Amanda: The big thing I recommend with this is boundary negotiation. So what I mean by that is having someone come up with what their non negotiable boundaries are.
It could be different for everyone. Maybe in the beginning of sobriety, they don't want alcohol in the house, or they don't want to go to a bar, or they don't want to watch certain shows with alcohol.
Think about what their non negotiable boundaries are, and what there may be some wiggle room with. Then talking to their partner about where that middle ground can be met. So for the partner, maybe they have some other non negotiables versus preferences and trying to really meet in the middle.
(Editor’s note: An example would be: my non-negotiable is I do not want to go to bars, but I’m open to having alcohol in the house if my partner keeps it in the garage.)
The hope, of course, is that your partner is supportive of your sobriety. And I'm a big believer in keeping it focused on yourself; don't try to force that other person to not drink. Eventually, potentially, it could be a conversation where down the road they drink less because you inspire them. But I kind of really believe in the saying “attraction, over promotion.”
Do you have any thoughts on when partners are not supportive?
Amanda: As a therapist, I recommend couples therapy.

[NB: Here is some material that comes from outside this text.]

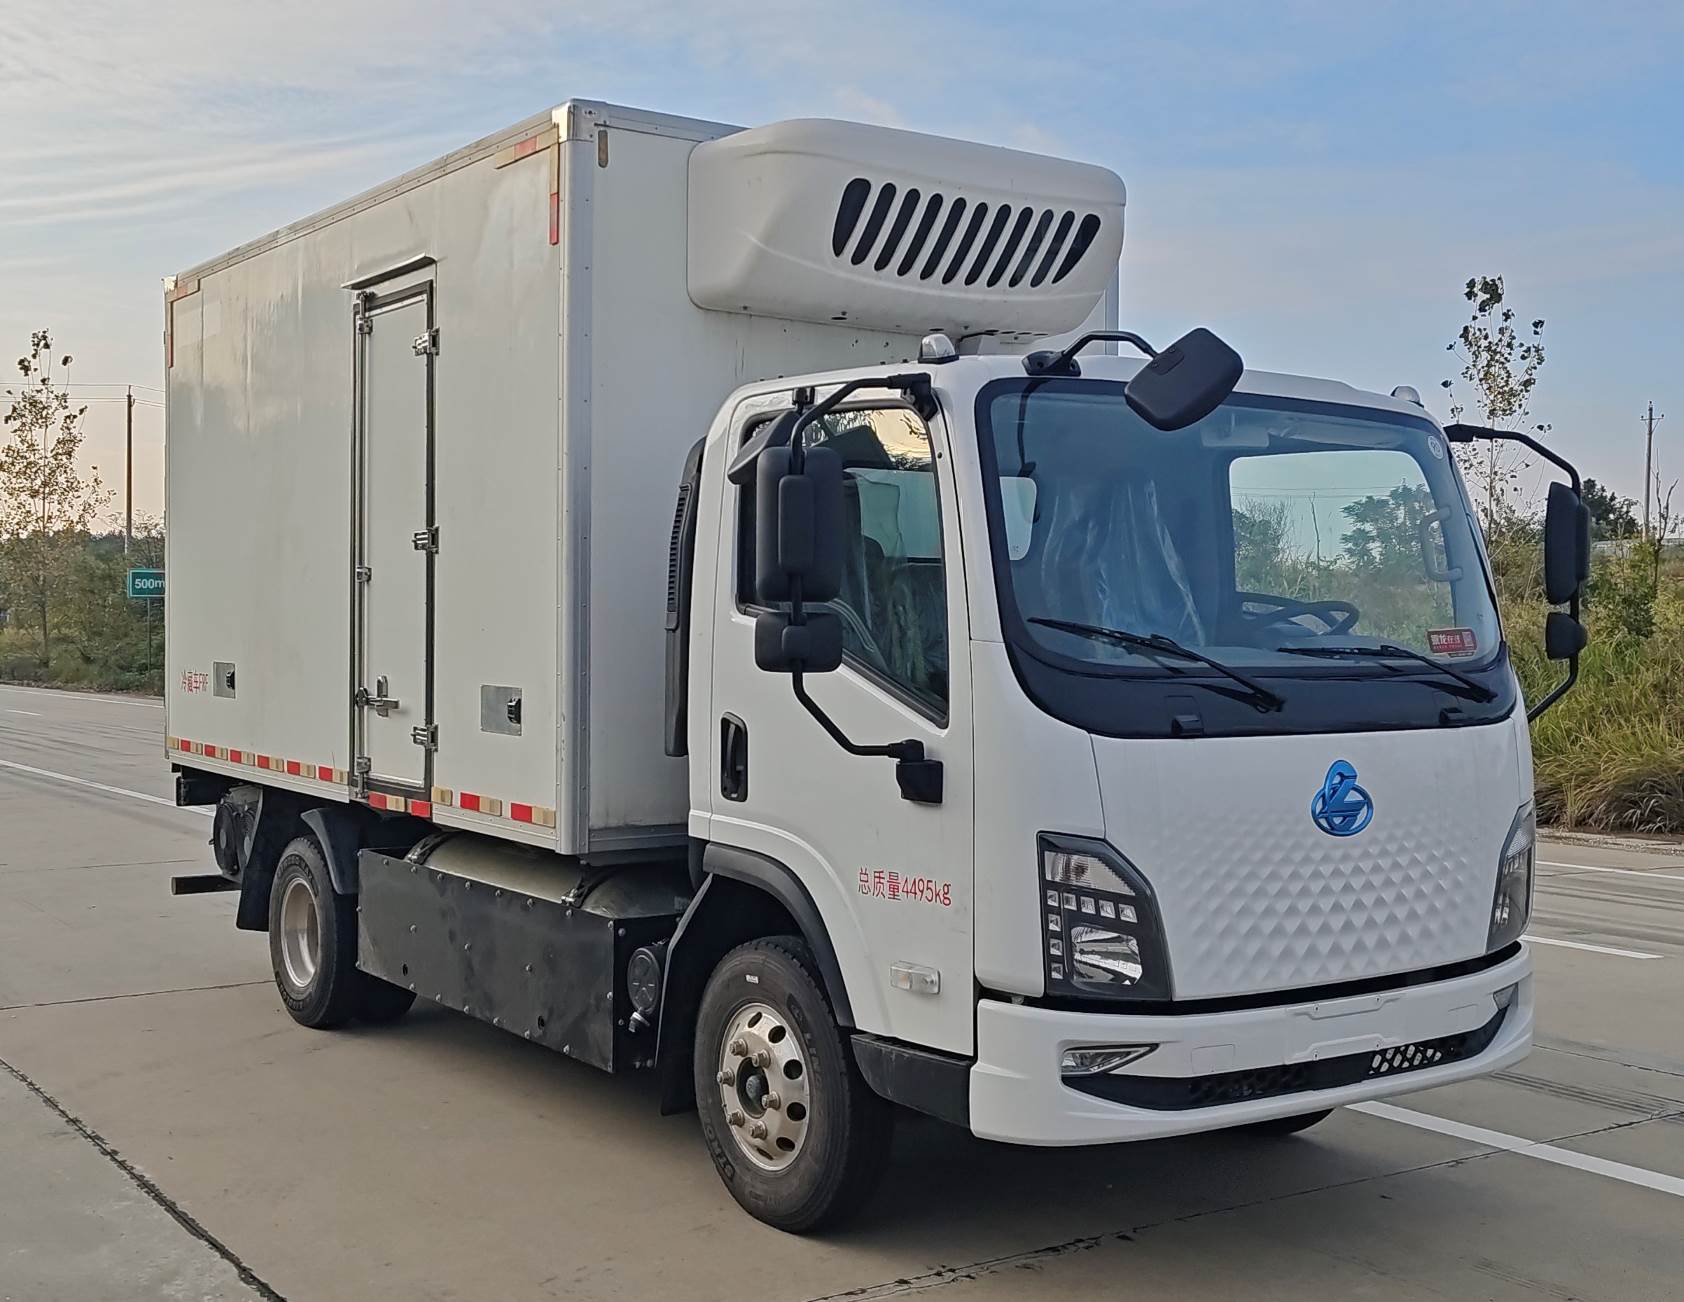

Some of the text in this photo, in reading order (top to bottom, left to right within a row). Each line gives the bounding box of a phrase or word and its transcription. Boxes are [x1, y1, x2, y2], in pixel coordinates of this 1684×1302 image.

[134, 578, 165, 589] 500m
[858, 867, 951, 906] 总质量4495kg
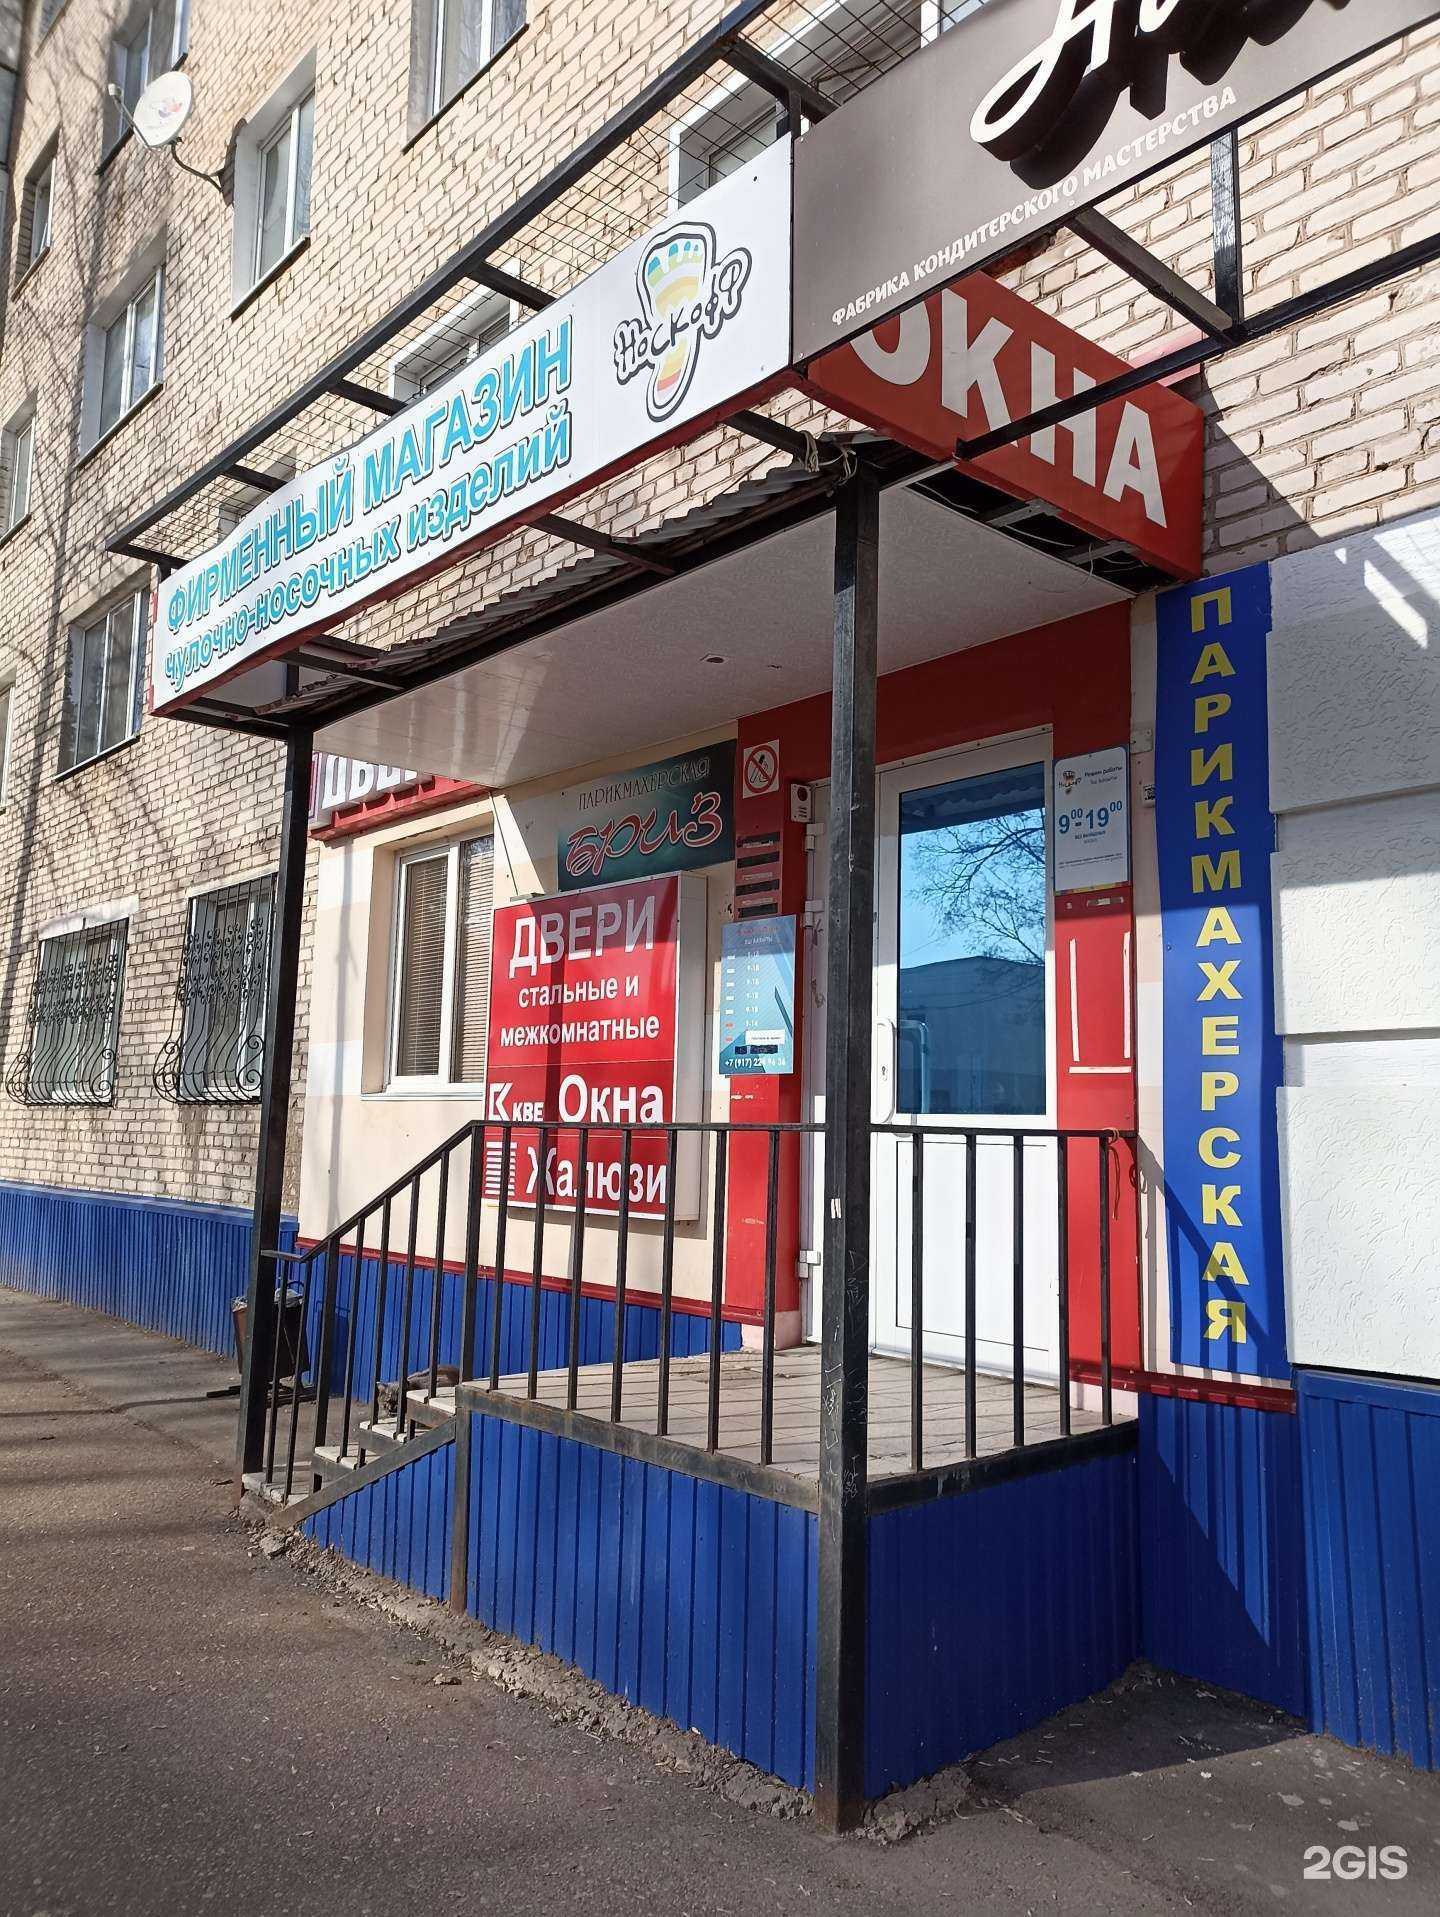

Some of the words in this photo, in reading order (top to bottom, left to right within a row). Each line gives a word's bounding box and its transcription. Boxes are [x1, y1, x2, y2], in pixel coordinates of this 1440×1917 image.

There needs to be a conversation about what is that person afraid of? What are they afraid of losing? Are they nervous that they're losing their drinking buddy? Are they nervous that you're going to try to change them and not have them drink anymore?
Try to understand where they're coming from and what they're interpreting. This shouldn't impact them if you're not trying to stop them from drinking. And I think sometimes in those cases, too, you can share with your partner why your decision may be good for him or her. Maybe they take care of you when you get too drunk. Maybe you spend too much money or you make a mess, or you both are hungover and it's hard to take care of the kids the next day. Share with them how this may actually benefit their life by you quitting drinking.